Nov 23, 2012 21:30
I hate winter. There I've said it. I am the Grinch who stole Christmas.
You can say what you like, but you won't persuade me otherwise. Every clear, crisp winter's day has a morning where your breath fogs around your head, crystallizing into dark clouds of lethargy that work in cahoots with the natural temptation to snuggle to make you arrive late for work with a headache grumbling at the unfairness of life. Doesn't happen to you? See, told you: life really is unfair.
Snow fights are no fun at all. They're just a method, doubtless developed by human turncoats in league with the wintersmith, of providing the cold with an even more direct route to your misery glands.

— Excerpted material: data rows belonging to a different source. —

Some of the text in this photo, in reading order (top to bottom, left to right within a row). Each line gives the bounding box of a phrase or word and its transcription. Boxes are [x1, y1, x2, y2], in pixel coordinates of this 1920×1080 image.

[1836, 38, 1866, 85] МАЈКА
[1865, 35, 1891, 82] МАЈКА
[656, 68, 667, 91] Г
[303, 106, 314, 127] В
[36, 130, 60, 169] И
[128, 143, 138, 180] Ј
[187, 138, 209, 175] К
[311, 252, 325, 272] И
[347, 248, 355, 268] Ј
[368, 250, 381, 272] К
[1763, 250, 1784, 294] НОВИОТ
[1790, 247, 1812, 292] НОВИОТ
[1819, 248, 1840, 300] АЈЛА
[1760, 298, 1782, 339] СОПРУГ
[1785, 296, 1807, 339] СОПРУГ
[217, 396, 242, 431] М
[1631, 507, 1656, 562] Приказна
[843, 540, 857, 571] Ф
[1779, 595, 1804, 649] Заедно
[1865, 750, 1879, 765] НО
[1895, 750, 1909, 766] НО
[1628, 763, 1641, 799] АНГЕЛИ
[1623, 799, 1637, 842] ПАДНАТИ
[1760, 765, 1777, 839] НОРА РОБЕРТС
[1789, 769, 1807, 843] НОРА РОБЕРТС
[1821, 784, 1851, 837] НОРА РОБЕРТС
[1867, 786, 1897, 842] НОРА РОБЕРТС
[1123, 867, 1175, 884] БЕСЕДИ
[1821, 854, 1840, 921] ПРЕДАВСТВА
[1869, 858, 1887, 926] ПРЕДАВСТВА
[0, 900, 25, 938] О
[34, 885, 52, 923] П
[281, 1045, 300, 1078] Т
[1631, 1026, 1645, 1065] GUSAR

Unless there's ice chunks in the snow, mind. Even I have to concede that that's pretty funny, so long as it happens to someone else.
I have even heard it said that winter is a great opportunity to wear lots of clothes. First off, I don't consider something essential to continued survival to be an opportunity. Secondly, while some people may rock the look, I resemble the Michelin man. I find it hard to walk, and I'm still cold. No, give me the balmy embrace of the heat, sandals and a bepalmtree-ed creation reminiscent of an exotic beach location.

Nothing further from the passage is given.